It's the Most Wonderful Time of the Year

0630 GMT The Workshop

It's nearing the end of the year, the fading hours of the first decade of a new millennium.

I'm ready for it. As ready as any man can be.

I don't know how many years longer I can keep this up; I feel like I've been at it for centuries already, and at times, when the howling arctic wind catches me in just the right way, the man-made cracks in my bones ache like hell. I don't know how many years I can keep this up, but I know, at least, how long I will.

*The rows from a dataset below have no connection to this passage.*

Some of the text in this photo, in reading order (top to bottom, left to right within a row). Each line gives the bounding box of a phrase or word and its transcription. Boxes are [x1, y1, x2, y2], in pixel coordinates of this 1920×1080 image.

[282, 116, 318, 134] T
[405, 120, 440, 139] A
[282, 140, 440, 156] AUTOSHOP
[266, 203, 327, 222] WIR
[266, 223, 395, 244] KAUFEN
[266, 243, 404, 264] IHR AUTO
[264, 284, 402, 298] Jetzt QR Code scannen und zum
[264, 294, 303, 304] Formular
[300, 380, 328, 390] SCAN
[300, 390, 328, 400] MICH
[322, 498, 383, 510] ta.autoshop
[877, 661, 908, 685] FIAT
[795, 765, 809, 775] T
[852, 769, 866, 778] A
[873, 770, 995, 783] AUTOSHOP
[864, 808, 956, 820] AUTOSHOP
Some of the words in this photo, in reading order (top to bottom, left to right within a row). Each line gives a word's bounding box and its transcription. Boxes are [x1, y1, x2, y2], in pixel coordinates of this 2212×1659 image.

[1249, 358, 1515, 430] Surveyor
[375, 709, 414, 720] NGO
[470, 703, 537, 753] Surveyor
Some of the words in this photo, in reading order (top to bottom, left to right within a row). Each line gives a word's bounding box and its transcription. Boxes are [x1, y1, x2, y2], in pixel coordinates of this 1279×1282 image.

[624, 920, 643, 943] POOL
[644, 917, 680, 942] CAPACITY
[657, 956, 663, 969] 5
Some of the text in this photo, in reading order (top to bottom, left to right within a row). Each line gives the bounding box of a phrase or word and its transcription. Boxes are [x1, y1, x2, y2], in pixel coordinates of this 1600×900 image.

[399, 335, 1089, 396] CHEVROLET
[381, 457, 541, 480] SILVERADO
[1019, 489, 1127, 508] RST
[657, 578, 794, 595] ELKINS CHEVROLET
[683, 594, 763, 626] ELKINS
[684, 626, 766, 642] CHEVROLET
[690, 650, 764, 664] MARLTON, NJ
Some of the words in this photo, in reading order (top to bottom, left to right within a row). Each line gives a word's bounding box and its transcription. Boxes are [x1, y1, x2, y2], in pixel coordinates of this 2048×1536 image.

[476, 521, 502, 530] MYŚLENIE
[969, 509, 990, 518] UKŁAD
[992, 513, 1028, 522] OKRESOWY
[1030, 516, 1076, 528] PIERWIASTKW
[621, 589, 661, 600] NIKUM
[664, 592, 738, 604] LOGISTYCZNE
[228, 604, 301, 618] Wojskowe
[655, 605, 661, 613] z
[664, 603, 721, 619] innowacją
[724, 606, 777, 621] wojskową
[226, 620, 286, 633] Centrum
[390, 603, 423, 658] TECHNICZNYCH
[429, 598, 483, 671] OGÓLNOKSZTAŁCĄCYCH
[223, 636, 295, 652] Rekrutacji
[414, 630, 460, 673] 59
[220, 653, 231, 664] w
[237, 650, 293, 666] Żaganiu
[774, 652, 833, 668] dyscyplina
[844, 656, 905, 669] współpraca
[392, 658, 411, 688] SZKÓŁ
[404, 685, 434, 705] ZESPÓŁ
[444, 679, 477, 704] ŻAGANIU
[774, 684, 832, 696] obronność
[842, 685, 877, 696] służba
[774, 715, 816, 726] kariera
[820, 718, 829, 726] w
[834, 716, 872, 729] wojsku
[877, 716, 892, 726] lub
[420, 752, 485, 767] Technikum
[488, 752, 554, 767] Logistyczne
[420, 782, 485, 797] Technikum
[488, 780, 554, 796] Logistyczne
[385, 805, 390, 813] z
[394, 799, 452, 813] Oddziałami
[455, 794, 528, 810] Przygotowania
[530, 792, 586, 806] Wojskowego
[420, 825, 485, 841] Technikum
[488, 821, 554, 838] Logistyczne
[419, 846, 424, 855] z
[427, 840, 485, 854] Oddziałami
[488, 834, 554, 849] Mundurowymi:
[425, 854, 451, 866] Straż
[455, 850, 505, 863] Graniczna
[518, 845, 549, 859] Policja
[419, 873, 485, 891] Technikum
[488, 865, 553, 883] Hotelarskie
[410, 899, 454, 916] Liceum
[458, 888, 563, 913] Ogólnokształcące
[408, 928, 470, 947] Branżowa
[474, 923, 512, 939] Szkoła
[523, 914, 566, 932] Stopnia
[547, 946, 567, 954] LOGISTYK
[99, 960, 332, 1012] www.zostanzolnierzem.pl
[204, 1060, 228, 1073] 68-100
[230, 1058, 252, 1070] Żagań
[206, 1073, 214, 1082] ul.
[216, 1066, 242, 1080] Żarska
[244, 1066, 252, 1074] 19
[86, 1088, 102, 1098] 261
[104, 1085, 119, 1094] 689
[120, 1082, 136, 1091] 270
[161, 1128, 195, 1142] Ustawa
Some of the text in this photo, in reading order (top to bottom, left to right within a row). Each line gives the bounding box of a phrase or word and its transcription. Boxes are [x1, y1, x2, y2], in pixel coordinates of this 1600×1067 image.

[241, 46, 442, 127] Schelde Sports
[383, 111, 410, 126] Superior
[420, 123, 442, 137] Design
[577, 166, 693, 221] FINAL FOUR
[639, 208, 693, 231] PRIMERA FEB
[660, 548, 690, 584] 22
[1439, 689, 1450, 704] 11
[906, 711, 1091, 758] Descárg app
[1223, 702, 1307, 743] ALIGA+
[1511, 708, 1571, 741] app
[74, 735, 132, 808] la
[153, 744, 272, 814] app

As long as I possibly can.

I have other duties, other responsibilities. This isn't my job, it's a reward they give me for doing my job. I know this. I understand it, but this moment is never far from my mind the rest of the year. When I'm discussing the finer points of satellite intelligence interpretation down in SIGNIT in September, or when I'm spending July arguing for more funding from a U.N. that would rather be throwing the money at olive branches, or even when I'm coaching the best and brightest of the Academy's graduation class on how to survive their first wet op in February, I'm thinking about today.

Yes, I think about it even as soon as February.

Especially February, because the previous year's work is still fresh in my mind.

It's crazy-- at least, charitably speaking, it's unhealthy-- how much I look forward to this time of the year. I can't help it, though. I'm like a kid at--

The comlink buzzes, as it has every year since I agreed to take this job. It's the few things I have to a tradition these days, and who am I to argue with tradition, especially during this time of year?

“Nick,” the voice says on the other end of the line, “You're a go.”

In all years I've been getting The Call, I still don't have a name to go with the voice on the other end of the line; even my considerable resources can't penetrate that particular veil of secrecy, but I know he speaks for the U.N. council that secretly oversees the Supreme Legal, Espionage and Intelligence Global Headquarters. He doesn't say it out loud (and I don't blame him; even over an Extreme Low Frequency transmitter, there's too much risk the words would be recorded somewhere to come back and haunt him), but I can hear even through the scrambler that he's wishing me good luck.

He knows, as well as I do, that this is my reward, not my job.


And, he knows, as well as I do, that this is what my job should be.


The Weather Outside is Frightful

0700 GMT The Workshop

“Good morning, Nick,” Virginia says as I enter the Workshop's Ops Center. She's beautiful as always, red hair pulled back in a pony tail, sharp green eyes teaming with knowledge, attitude, and just a hint of mirth.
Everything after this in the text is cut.